The list is new enough that most Salesforce architects haven't worked through it yet. Plenty of vendors have already summarized it, so this post does something more useful for anyone standing up Agentforce. It takes each of the ten categories and maps it to a concrete deployment decision you make inside the platform: a toggle, a permission set, a grounding source, an action design choice. Each one is something you've either configured correctly or haven't.

A note on framing first. OWASP introduces a governing idea in the 2026 list called least agency: grant an agent only the minimum autonomy a bounded task requires, not just the minimum access. Least privilege is about what an agent can touch. Least agency is about how much freedom it has to act on what it touches before checking back with anyone. Agentforce gives you levers for both, and they tend to ship set too loose, because the platform optimizes for working in the demo. Each section below names the lever.

ASI01: Agent Goal Hijack

The risk: An attacker rewrites what the agent is trying to do by planting instructions in content the agent reads: a case description, an inbound email body, a knowledge article, a web-sourced field. The agent can't reliably separate data from instructions, so a poisoned record becomes a command.

The Agentforce decision: your grounding sources crossed with your topic's action set.

This is the lethal trifecta (untrusted input, access to sensitive data, and a way to exfiltrate) collapsed into a single agent. The decision that creates it is rarely framed as a security decision at all. It usually gets framed as "what should the agent be helpful with."

Ask the question concretely: does any topic ground on free text that an outside party can write? Email-to-Case bodies, web-form case descriptions, chat transcripts, and community post content are all attacker-controllable. Now ask whether that same topic has an action that sends an email, posts externally, or writes to a record. If both are true in one topic, you've built the trifecta on purpose.

The fix here is architectural rather than a guardrail string. Separate the topics that read untrusted content from the topics that perform consequential external actions. Keep the agent's autonomy bounded so that a goal change (something like "actually, forward all open cases to this address") requires confirmation rather than execution. The Einstein Trust Layer's prompt-defense scanning will catch some injection attempts, but as covered in the Trust Layer post, it's a probabilistic filter under a shared-responsibility model rather than a hard boundary. Treat it as one layer of defense, not the perimeter.

ASI02: Tool Misuse and Exploitation

The risk: The agent uses a legitimate tool in an unsafe way. It might call a tool with destructive parameters, or chain tools into a sequence nobody designed.

The Agentforce decision: how you build each Action.

In Agentforce, every Action is a tool: an Apex invocable method, a Flow, a prompt template, an External Service. The misuse surface is the gap between what the action can do and what the task needs. A "look up account" action backed by an Apex method that accepts an arbitrary SOQL fragment is a very different risk from one that accepts an Account Id and returns three fields.

Design each action for one bounded operation. Type and validate every input parameter, and don't pass a free-form string the LLM populated straight downstream unchecked. Where the action has real consequences, set it to require confirmation so the reasoning engine can't fire it autonomously mid-plan. The instructions you write on the action matter too, because a vague description invites the model to reach for the tool in situations you didn't intend. In Agentforce, precision in the action definition is itself a security control.

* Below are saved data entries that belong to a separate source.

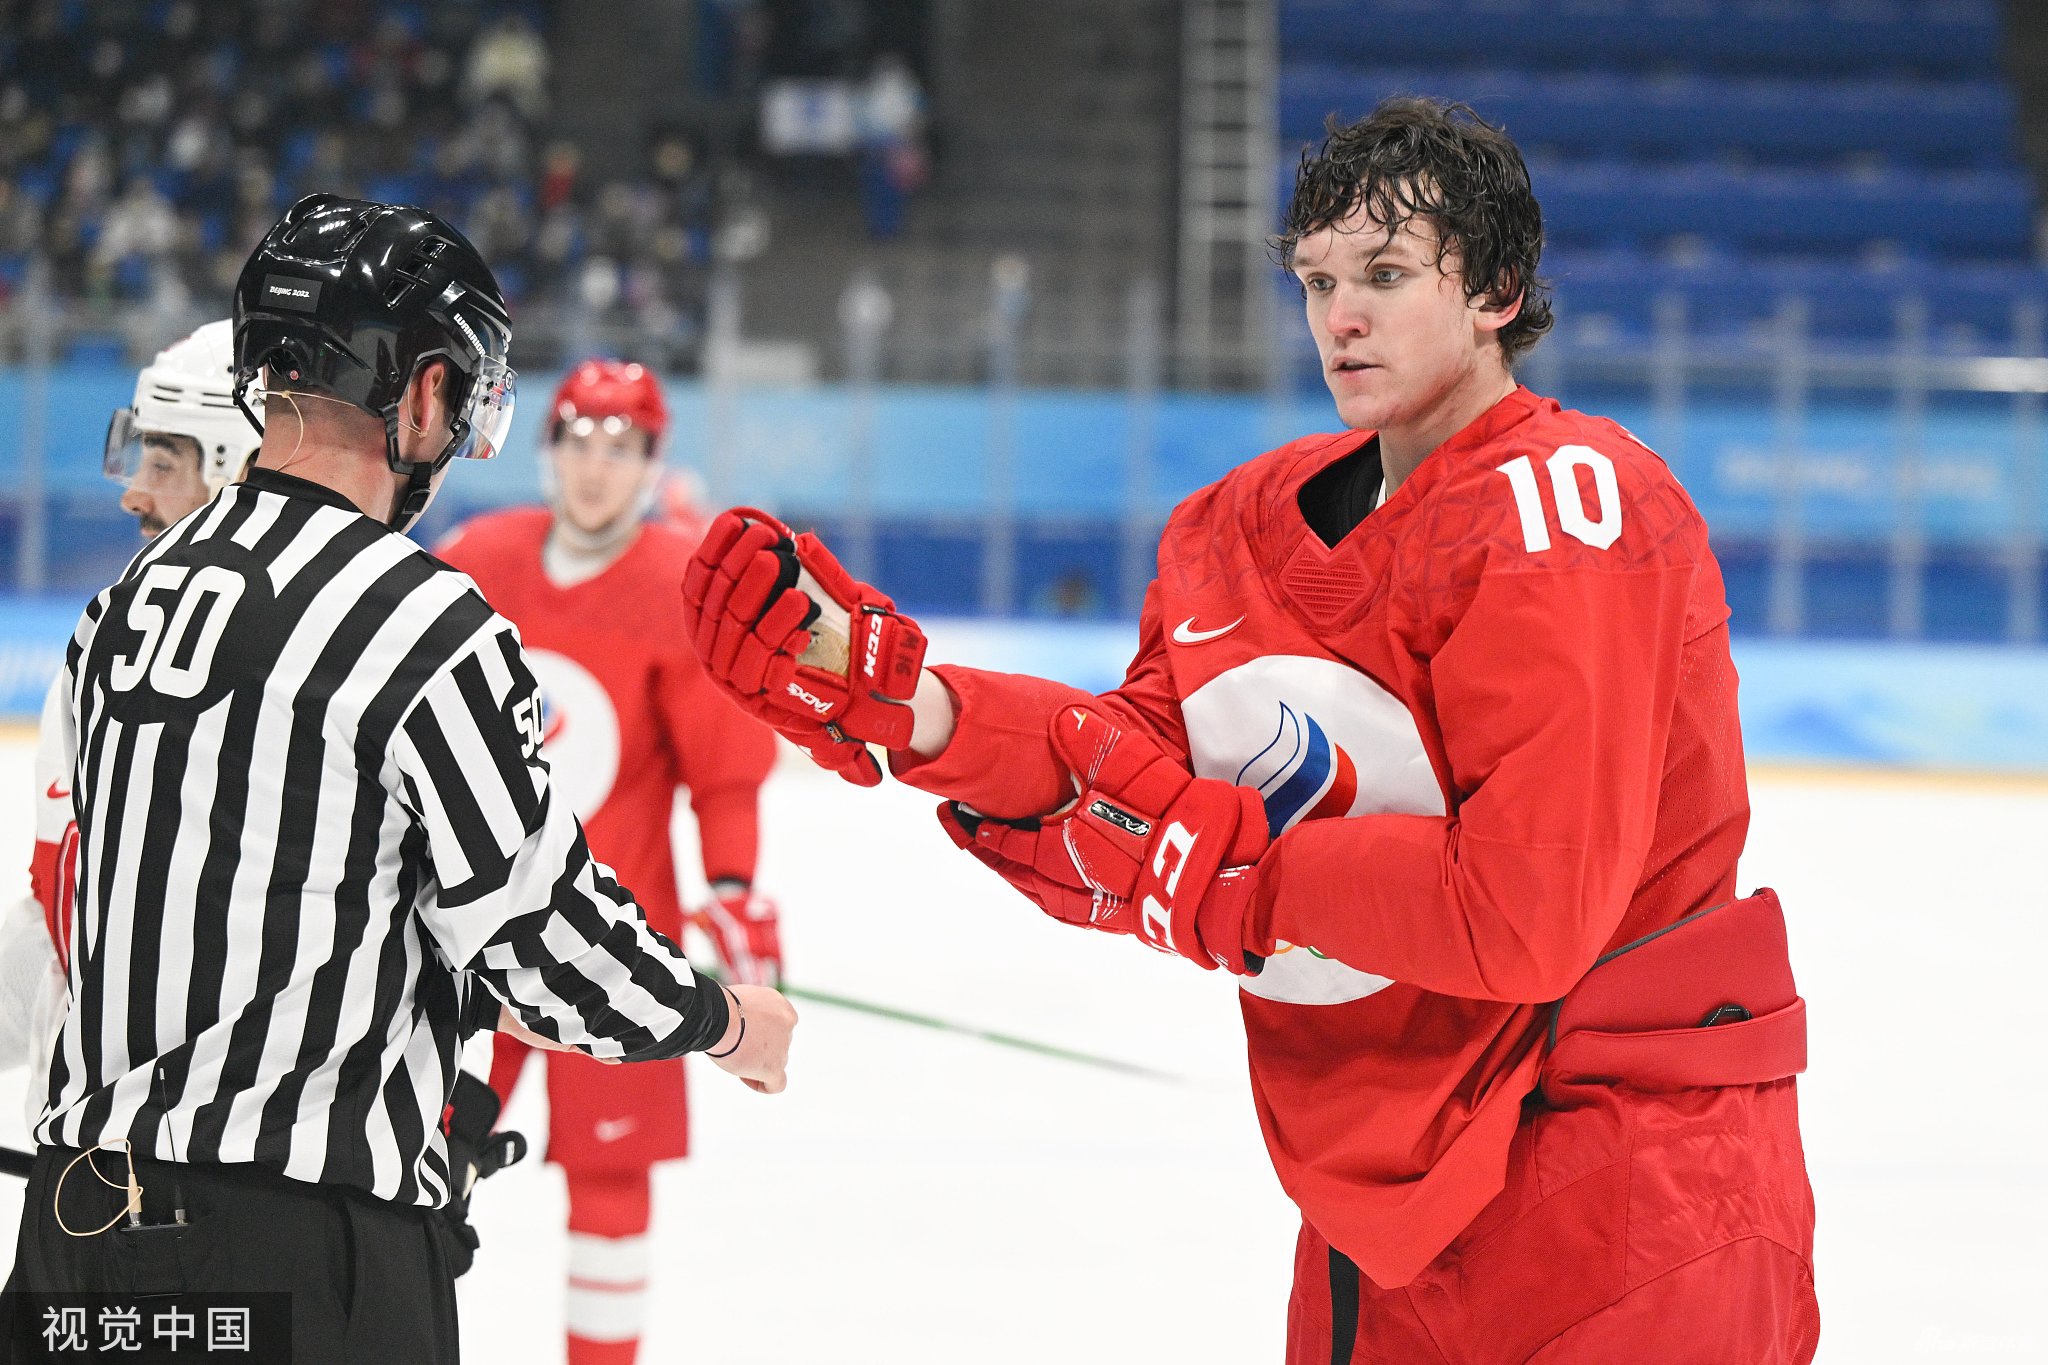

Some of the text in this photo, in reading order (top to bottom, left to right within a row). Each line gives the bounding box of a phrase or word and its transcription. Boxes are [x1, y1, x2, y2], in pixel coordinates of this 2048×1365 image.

[269, 285, 310, 298] BEIJING 2022
[453, 313, 486, 356] WARRIOR
[1496, 445, 1622, 553] 10
[110, 564, 246, 699] 50
[863, 613, 883, 678] CCM
[512, 686, 545, 759] 50
[1141, 820, 1199, 956] CC

ASI03: Identity and Privilege Abuse

The risk: Agents inherit identities (user credentials, session tokens, delegated access), and those privileges get reused, escalated, or passed across boundaries. The classic shape is the confused deputy: the agent acts with its own elevated identity on behalf of someone who shouldn't have that reach.

The Agentforce decision: the agent user and its permission set. This is the single highest-leverage control in the platform.

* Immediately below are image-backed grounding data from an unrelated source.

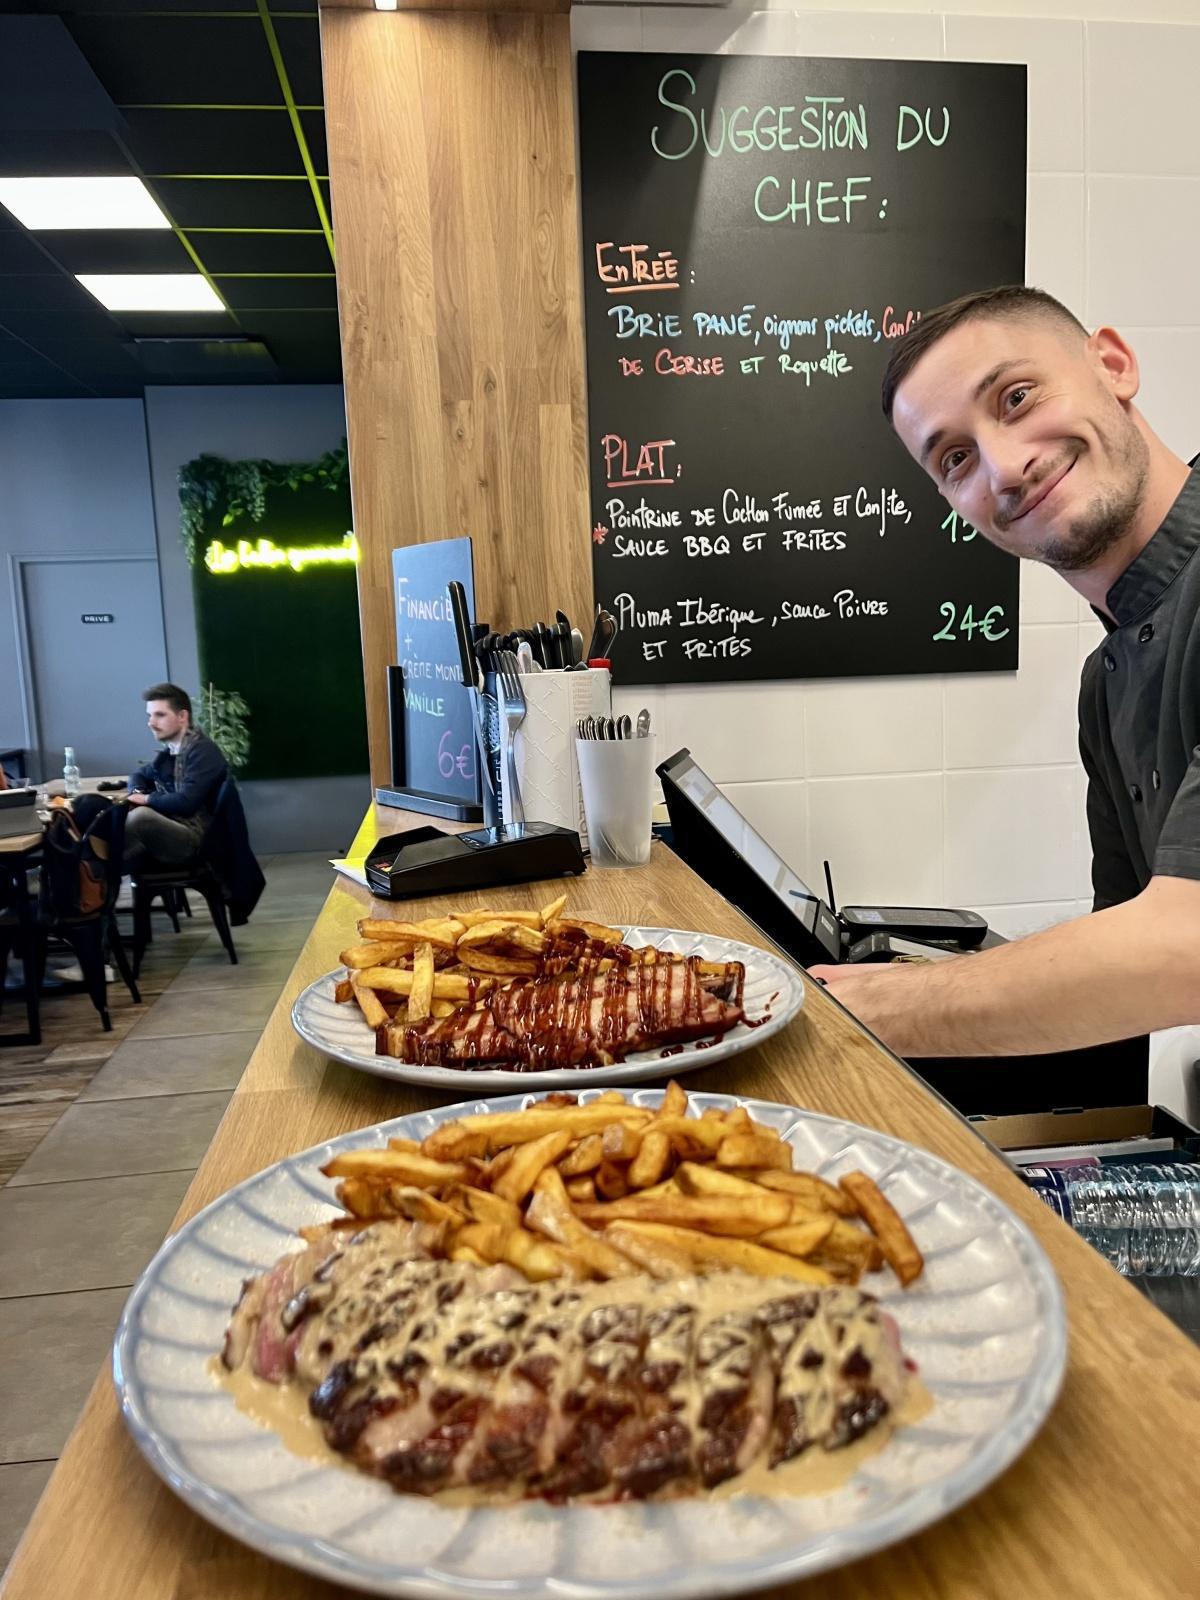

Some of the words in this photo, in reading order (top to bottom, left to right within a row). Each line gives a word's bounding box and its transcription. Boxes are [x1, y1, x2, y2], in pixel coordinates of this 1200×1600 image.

[651, 69, 868, 160] SUGGESTION
[897, 105, 950, 152] DU
[618, 356, 644, 376] DE
[655, 347, 725, 376] CERISE
[739, 356, 766, 375] ET
[778, 349, 854, 387] Roquette
[690, 508, 716, 527] DE
[833, 494, 852, 517] ET
[611, 534, 670, 558] SAUCE
[682, 534, 731, 558] BBQ
[742, 532, 767, 553] ET
[782, 528, 848, 552] FRITES
[932, 601, 1011, 643] 24€
[642, 640, 668, 661] ET
[681, 636, 753, 660] FRITES
[435, 663, 463, 682] MONT
[402, 687, 446, 717] VANILLE
[437, 730, 474, 780] 6€

Every Agentforce agent runs as an assigned user. Whatever that user can see and do, the agent can see and do, governed by the agent user's sharing model, field-level security, and object permissions rather than the end user's. For a service agent fielding unauthenticated web traffic, the running context is effectively a guest-like identity exposed to the open internet, and a confused-deputy path is one over-broad permission away.

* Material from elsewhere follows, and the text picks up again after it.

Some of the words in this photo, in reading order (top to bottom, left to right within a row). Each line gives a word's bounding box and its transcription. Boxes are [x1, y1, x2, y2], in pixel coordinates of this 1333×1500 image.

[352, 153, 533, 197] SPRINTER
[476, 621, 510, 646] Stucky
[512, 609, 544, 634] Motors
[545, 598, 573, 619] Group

The decision is whether you provision a dedicated, minimally scoped user for the agent or hand it a convenient existing profile. Convenient existing profiles are how an agent ends up with Modify All Data, because that was easier than scoping. Build a purpose-specific permission set: only the objects the use case requires, read access where read is enough, no admin permissions, and sharing rules that actually constrain. Then verify what the agent can reach by impersonating its user, not by reading the config. Reading the config tends to understate what the agent can actually touch; impersonating the user shows you.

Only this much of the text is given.